Logo

Culture

À Lausanne, le Musée des beaux-arts permet aux visiteurs de pénétrer dans des œuvres

Alors que les expériences immersives se multiplient (Tintin, Frida Kahlo, Van Gogh), le MCBA explore les origines de l’art immersif. Brillant.

Les commissaires de l’exposition, à droite, Choghakate Kazarian et Camille Lévêque-Claudet dans Hole in home, 1966 (reconstruction, 2023) de Ferdinand Spindel. © MCBA, Etienne Malapert

10 novembre 2023 à 10:35

Temps de lecture : 1 min

Arts plastiques » La Seconde Guerre mondiale vient de s’achever et, à Milan, un jeune artiste italo-argentin, Lucio Fontana, présente Ambiente spaziale a luce nera. Nous sommes en février 1949 et durant quelques jours, les visiteurs de la Galleria del Naviglio peuvent pénétrer dans une sorte de grotte noire, dans laquelle apparaissent des formes de papier mâché brillant de leurs couleurs phosphorescentes. Cette œuvre – présentée dans l’exposition Immersion. Les origines 1949-1969, à voir actuellement au Musée cantonal des beaux-arts (MCBA) de Lausanne – est considérée comme la première à être proprement immersive, car conçue pour «engloutir» le visiteur à 360 degrés.

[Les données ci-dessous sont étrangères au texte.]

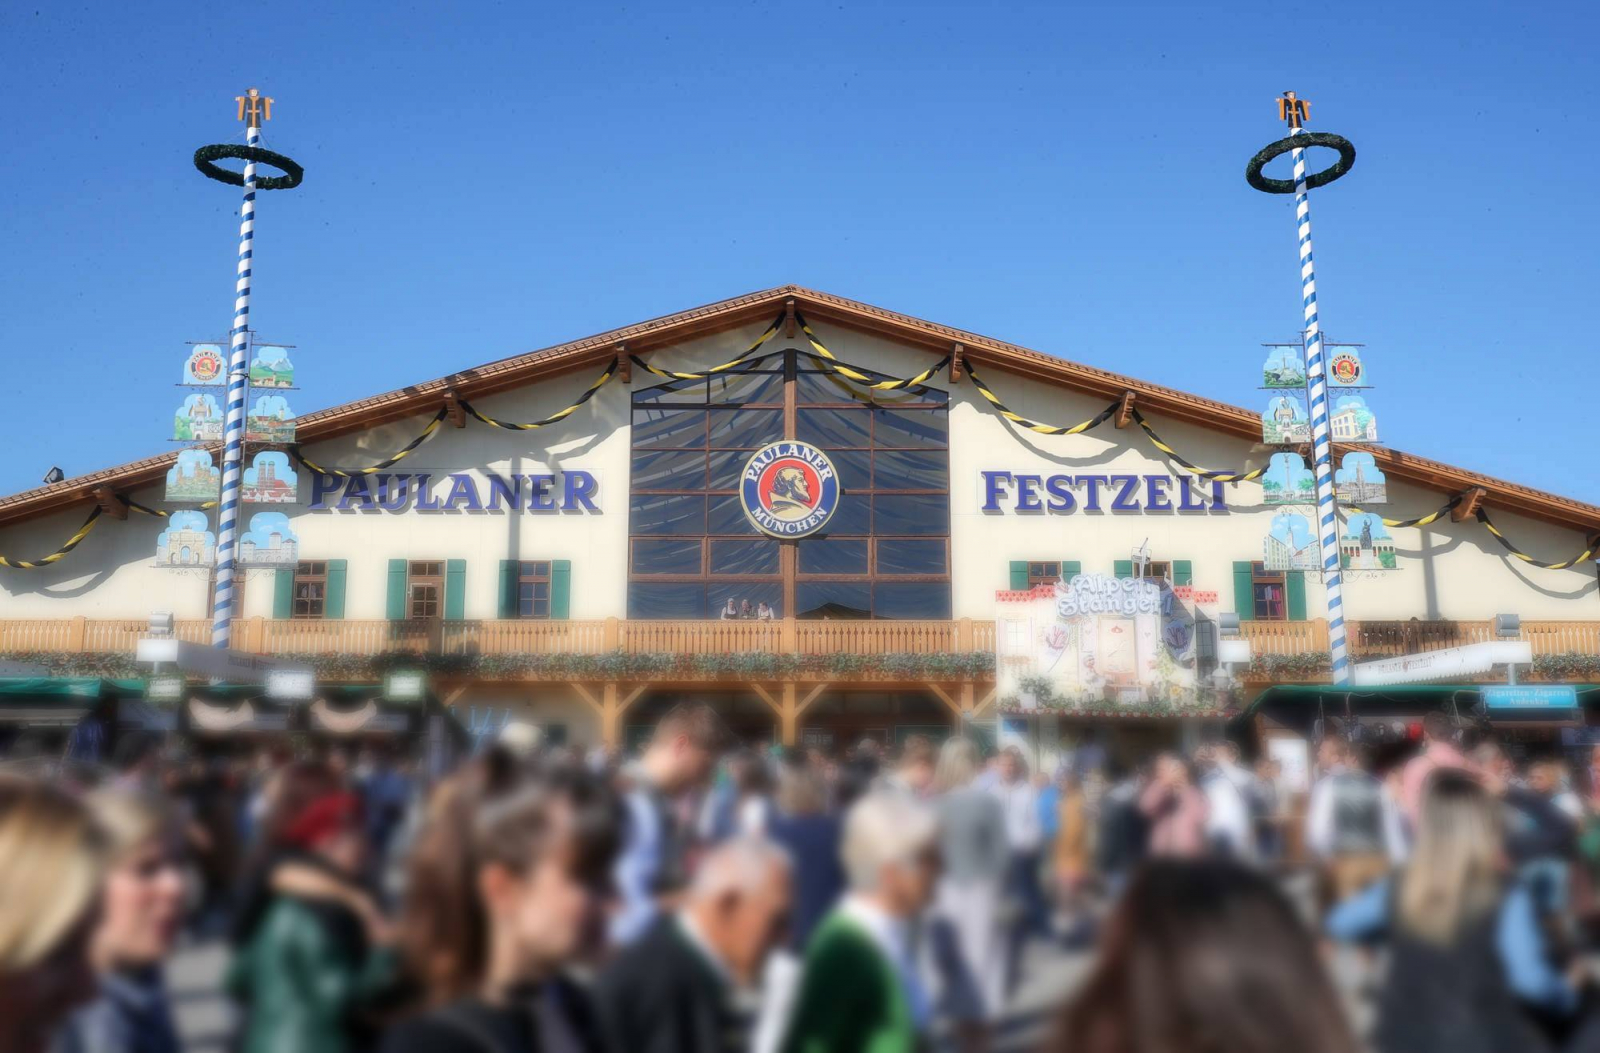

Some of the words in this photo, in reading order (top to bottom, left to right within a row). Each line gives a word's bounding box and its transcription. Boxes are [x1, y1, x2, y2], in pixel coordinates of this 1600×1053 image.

[745, 444, 833, 483] PAULANER
[307, 469, 600, 511] PAULANER
[981, 470, 1236, 512] FESTZELT
[1074, 574, 1153, 598] Alpen
[1534, 688, 1570, 698] Zigarren
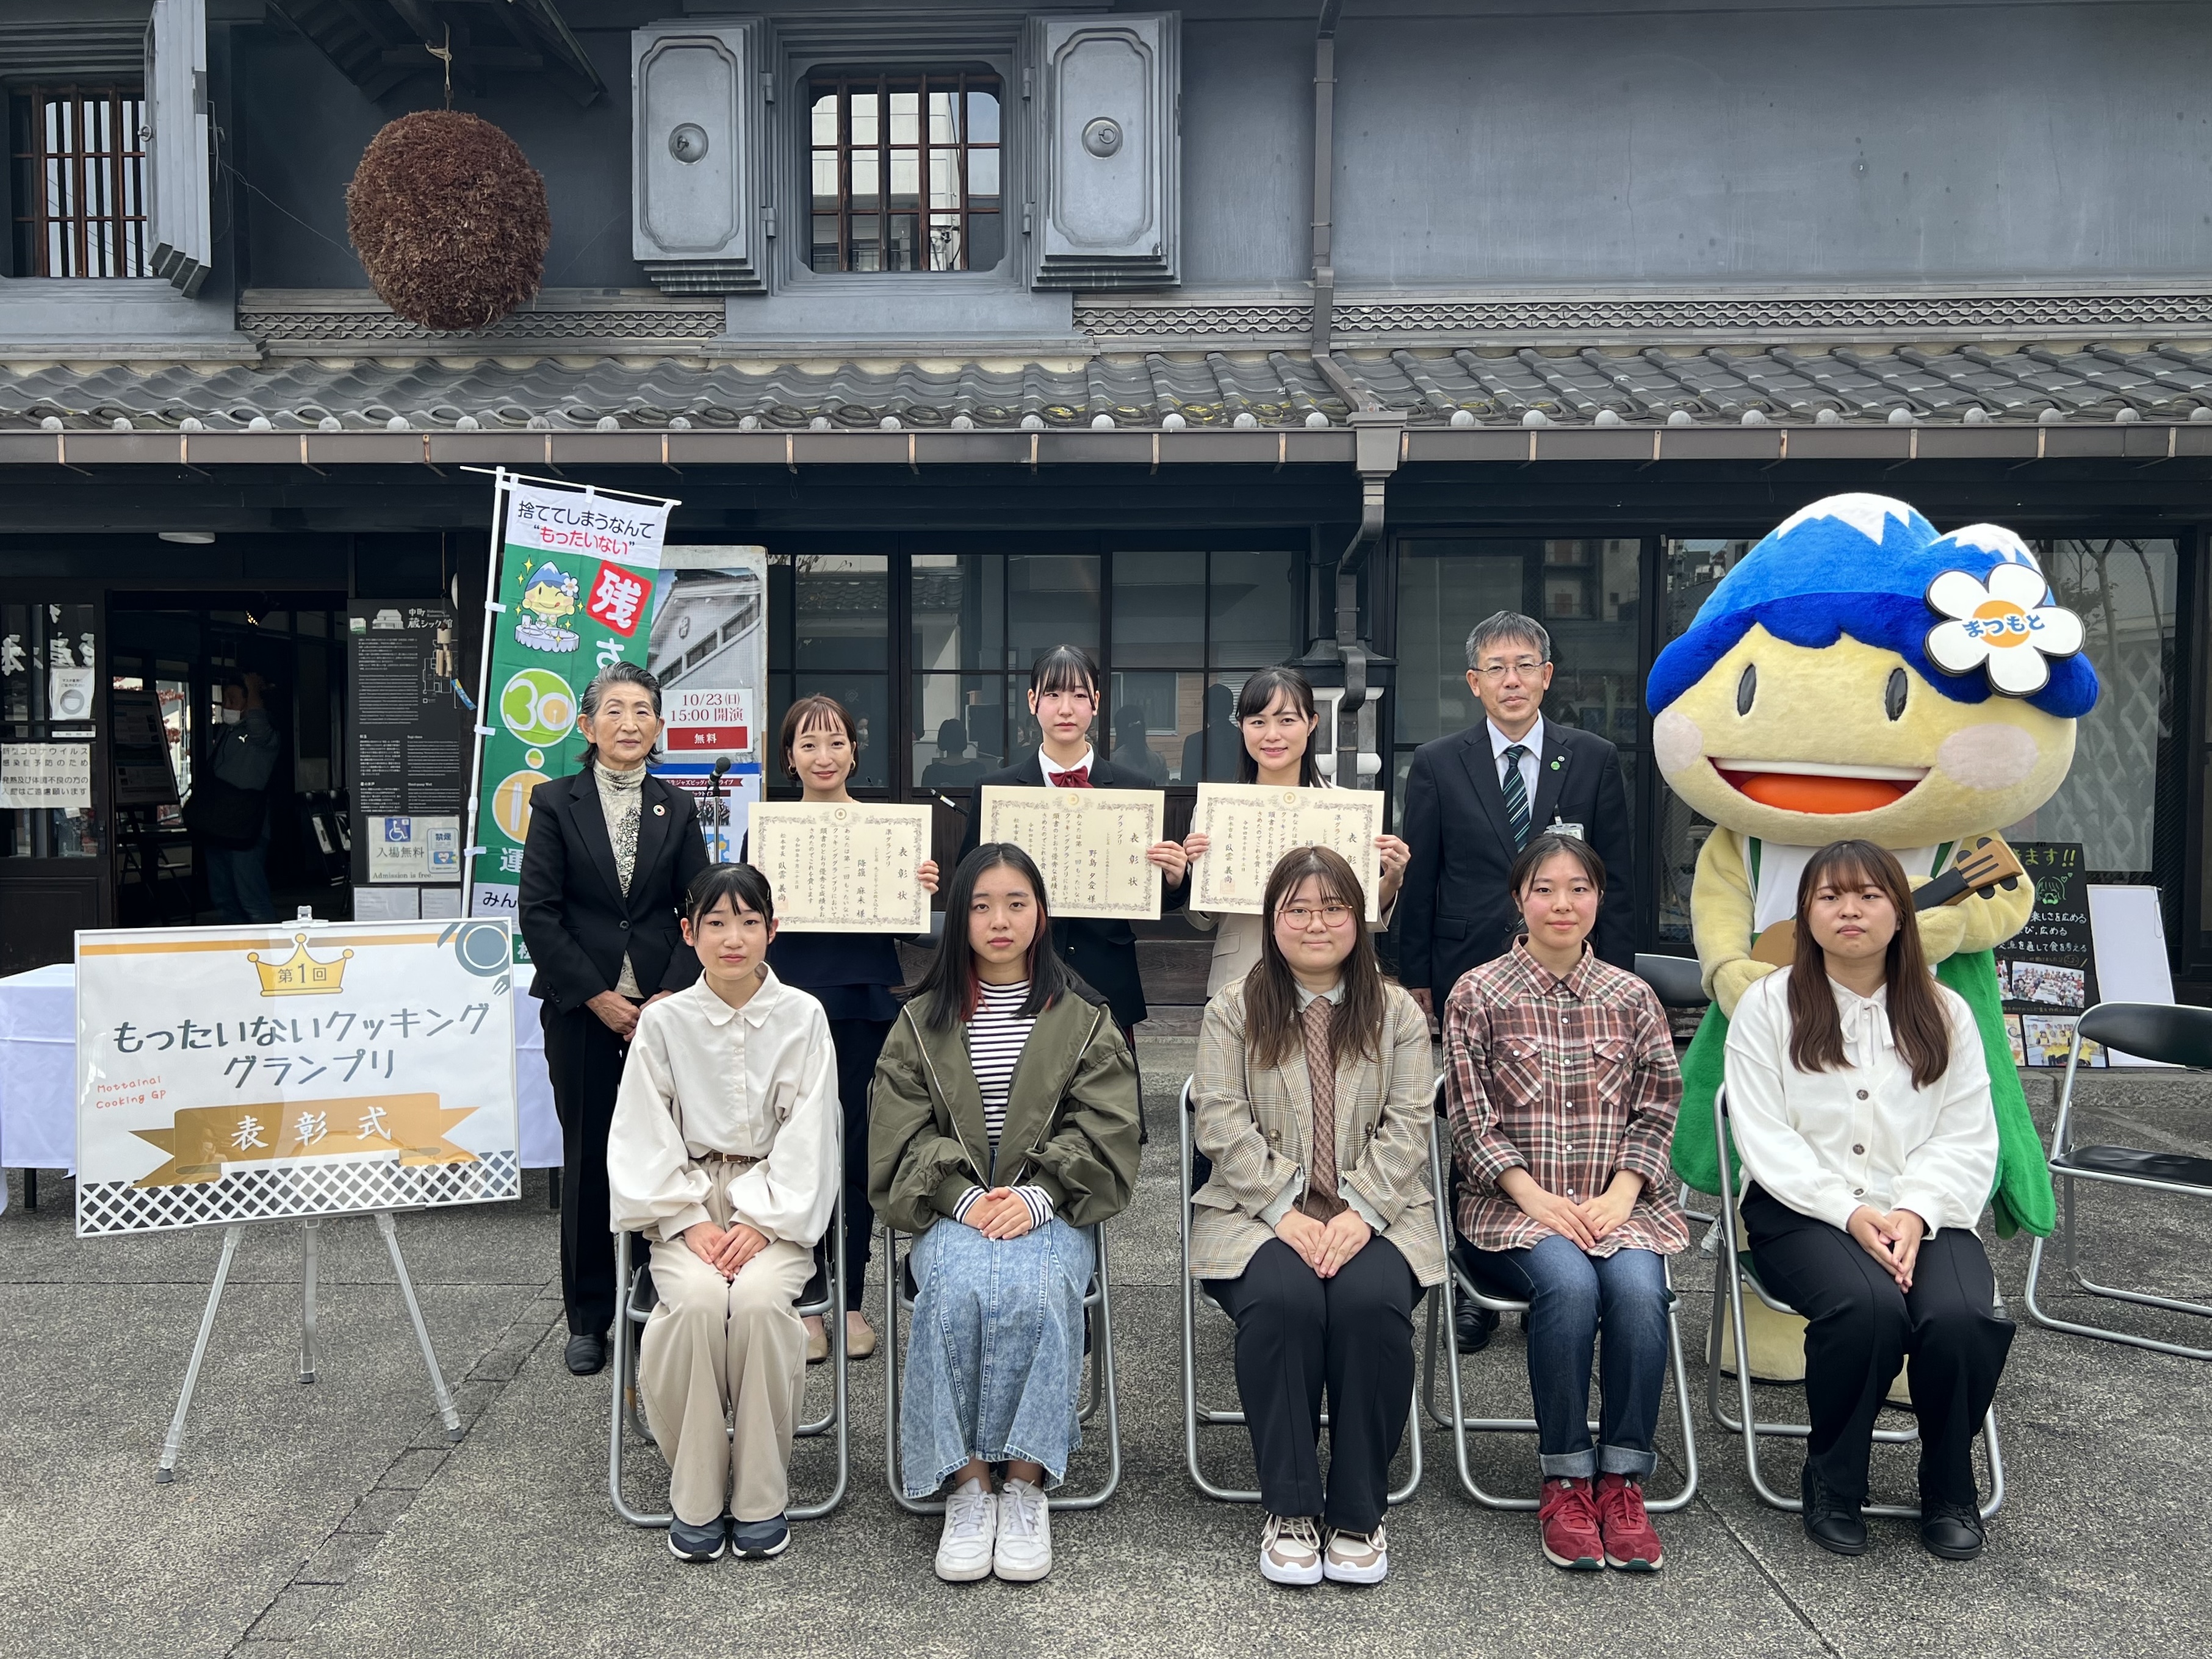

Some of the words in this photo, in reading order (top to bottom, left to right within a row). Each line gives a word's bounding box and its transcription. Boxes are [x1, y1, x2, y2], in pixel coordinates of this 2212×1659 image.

Alors que les «expositions» immersives se multiplient, permettant d’appréhender de façon ludique les tableaux de Van Gogh, Klimt, Frida Kahlo ou même les bulles d’Hergé (Tintin, l’aventure immersive en ce moment au Palais de Beaulieu à Lausanne, lire ci-dessous), les historiens de l’art Camille Lévêque-Claudet, conservateur au MCBA, et Choghakate Kazarian, commissaire d’exposition indépendante, ont décidé de remonter aux sources de l’art immersif et présentent 14 œuvres comme autant d’espaces autonomes dans lesquels le visiteur pénètre (souvent en chaussettes).

Dès la fin des années 1940, le plus souvent chez des privés ou dans des galeries, des artistes se sont mis à créer, aux confins de l’installation, du théâtre, de la musique et même du monde de la nuit des œuvres permettant aux visiteurs de les recevoir et de les expérimenter de tout leur corps, très loin de ces actuelles «expériences» détournant des œuvres qui n’ont pas été pensées pour être agrandies ou animées.

Immersion. Les origines 1949-1969 est une prouesse technique, pourquoi?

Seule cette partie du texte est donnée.